OH, HELLO. Here's some good news, after years and years of promoting the necessary destruction of Iraq and Iraqis, all for the purpose of a war that diverted the United States from pressing issues of national security, Tom Friedman has declared the Iraq misadventure to be a success and has officially sent the Iraqi people toddling off into an uncertain future. "It's Up To Iraqis Now. Good Luck", Friedman says. Yep! Things will be perfect from now on!
But lest we get too caught up in the sideline issues of what was done to Iraq, attention must be paid to the pressing matter at hand, which is that Friedman has, at last, forgiven himself.
Former President George W. Bush's gut instinct that this region craved and needed democracy was always right. It should have and could have been pursued with much better planning and execution. This war has been extraordinarily painful and costly. But democracy was never going to have a virgin birth in a place like Iraq, which has never known any such thing.
Some argue that nothing that happens in Iraq will ever justify the costs. Historians will sort that out.
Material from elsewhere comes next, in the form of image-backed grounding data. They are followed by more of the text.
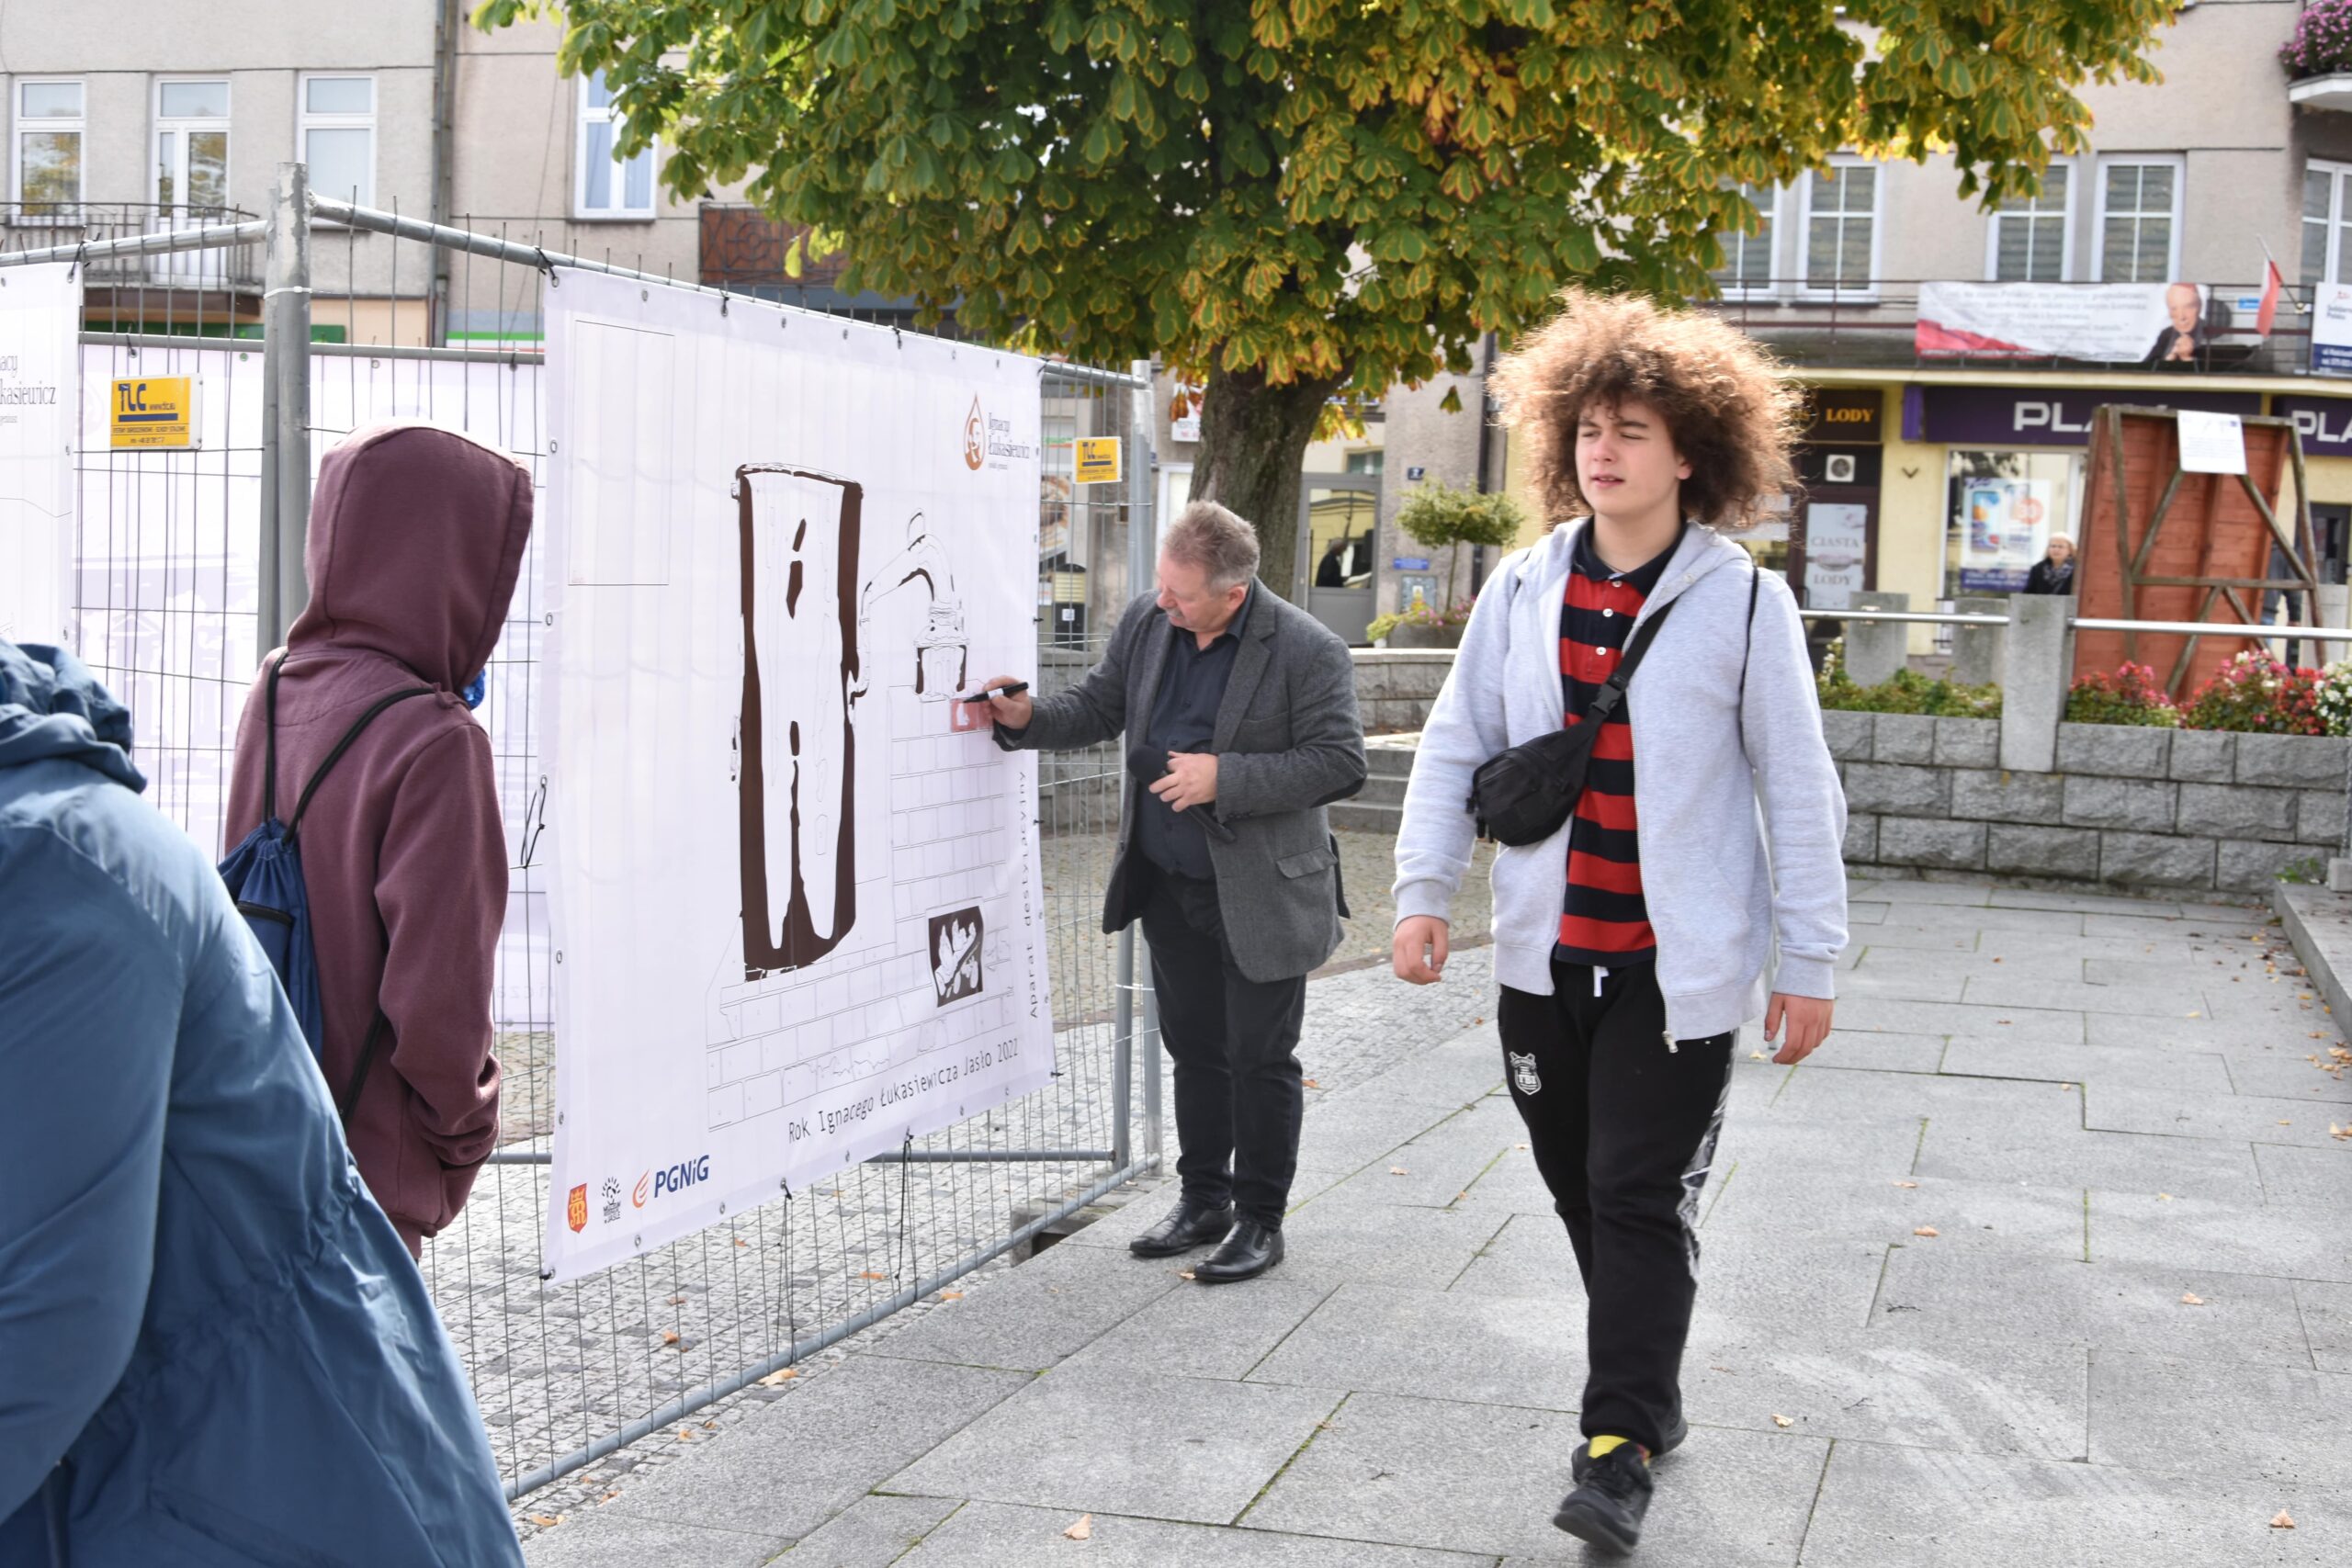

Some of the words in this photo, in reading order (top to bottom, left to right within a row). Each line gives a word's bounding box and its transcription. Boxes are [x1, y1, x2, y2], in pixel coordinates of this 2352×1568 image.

[118, 383, 146, 412] TLC
[1826, 408, 1873, 422] LODY
[2013, 401, 2110, 433] PL
[1811, 536, 1860, 548] CIASTA
[1813, 573, 1853, 586] LODY
[1026, 943, 1038, 1019] Aparat
[788, 1116, 810, 1144] Rok
[818, 1096, 874, 1134] Ignacego
[879, 1065, 958, 1108] Łukasiewicza
[963, 1050, 992, 1077] Jasło
[997, 1038, 1019, 1063] 2022
[654, 1155, 709, 1198] PGNiG
Personally, at this stage, I only care about one thing: that the outcome in Iraq be positive enough and forward-looking enough that those who have actually paid the price -- in lost loved ones or injured bodies, in broken homes or broken lives, be they Iraqis or Americans or Brits -- see Iraq evolve into something that will enable them to say that whatever the cost, it has given freedom and decent government to people who had none.
That, though, will depend on Iraqis and their leaders.
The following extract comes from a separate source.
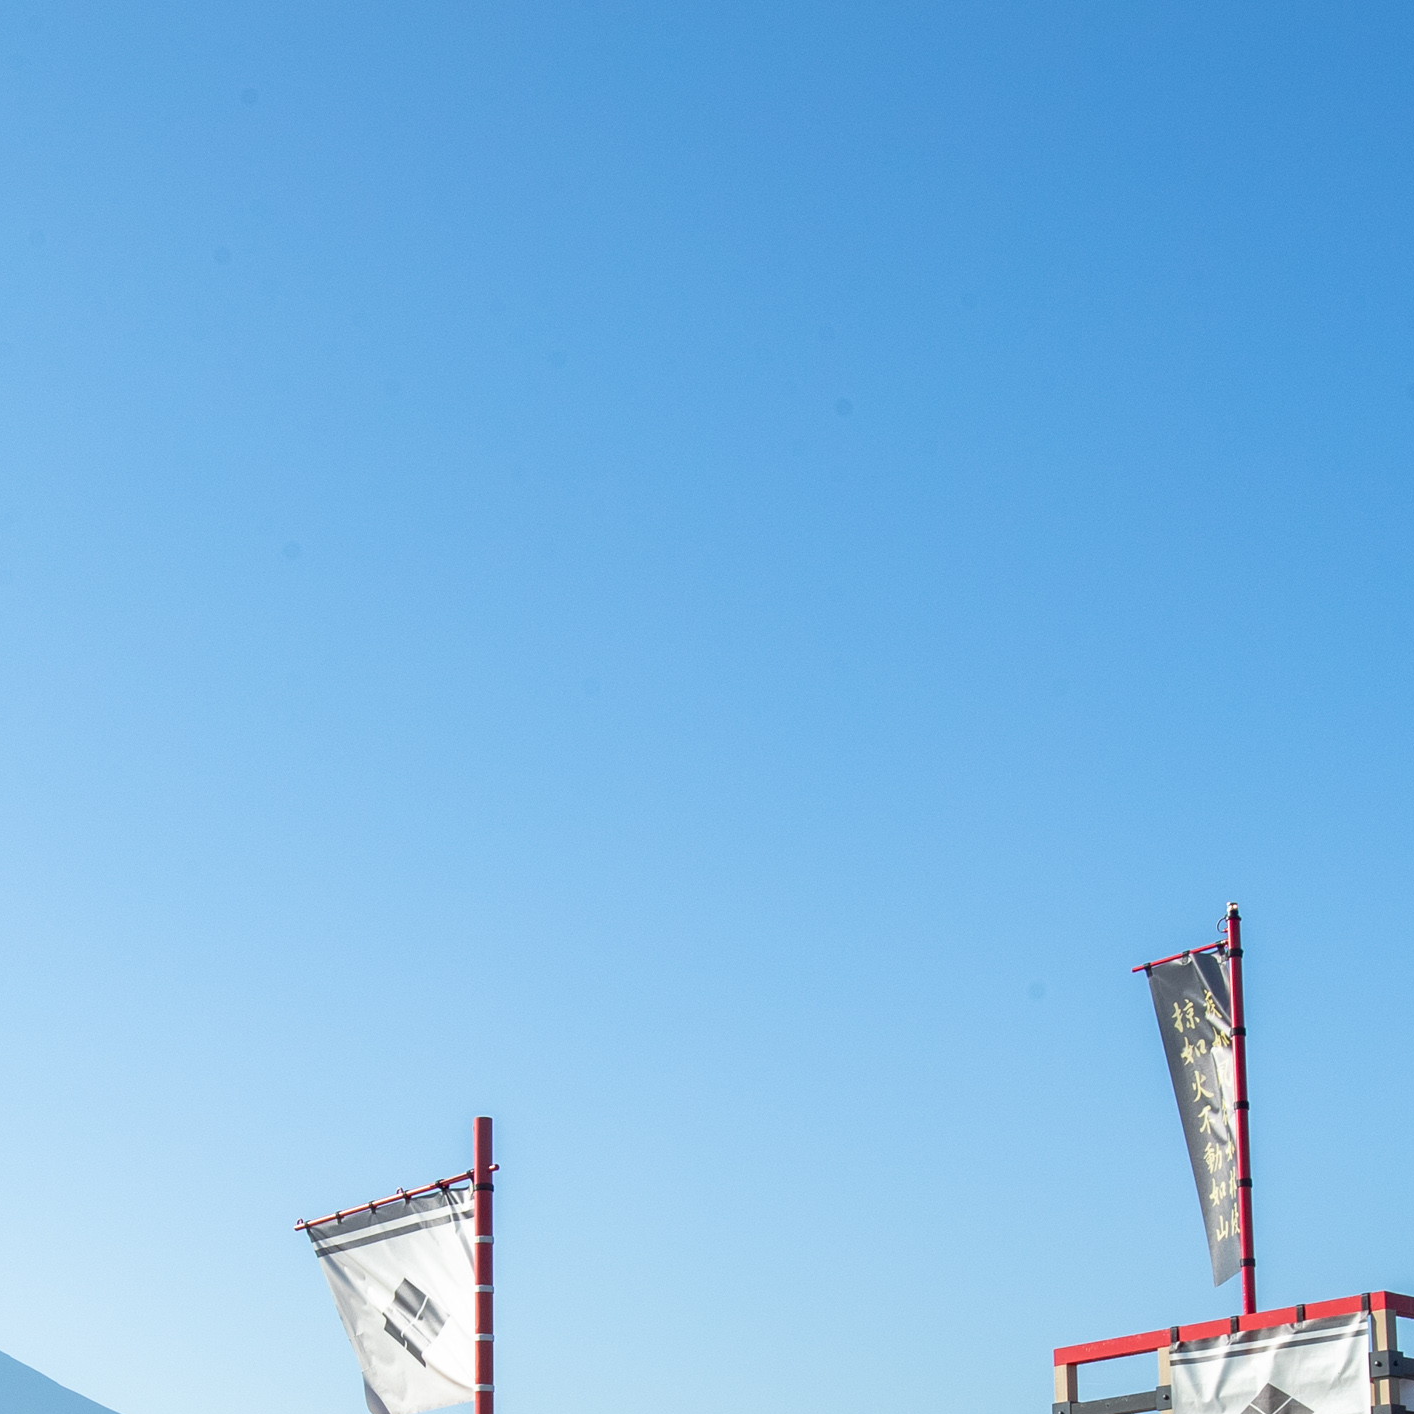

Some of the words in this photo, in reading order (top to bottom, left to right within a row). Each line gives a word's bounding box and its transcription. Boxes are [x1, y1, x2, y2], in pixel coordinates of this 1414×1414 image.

And how did these "Iraqis and their leaders" come to be so burdened? I'm sure it must have been through an unforeseeable series of cosmic coincidences!
Meanwhile, as Glenn Greenwald points out, Friedman's noble, karma-cleansing rhetoric sounds a wee bit different in tone, compared to his Previous Stages Of Caring. At one point, this was what was important to Friedman:
FRIEDMAN: What they needed to see was American boys and girls going from house to house, from Basra to Baghdad and basically saying, "Which part of this sentence don't you understand. You don't think that we care about our open society? You think this [terrorism] bubble fantasy, we're just going to let it grow? Well, suck on this."
Yes. That's Tom Friedman, talking about the need to "burst" the "terrorism bubble" that led to the September 11th attacks. Naturally, what eludes Friedman -- to this day! -- was that the residents in those houses from Basra to Baghdad were no more responsible for the September 11th attacks than the people who live in houses from Milwaukee to Minnetonka.
But look, nobody promised the Iraqis a "virgin birth" of democracy, which I suppose is inferable from the forced-sodomy metaphor. Still, to Friedman, "positive" and "forward-looking" outcomes are available to those who were made to "suck on this," so if the Iraqi people are good enough to claim these great gifts, Tom Friedman is happy to say, "You're welcome."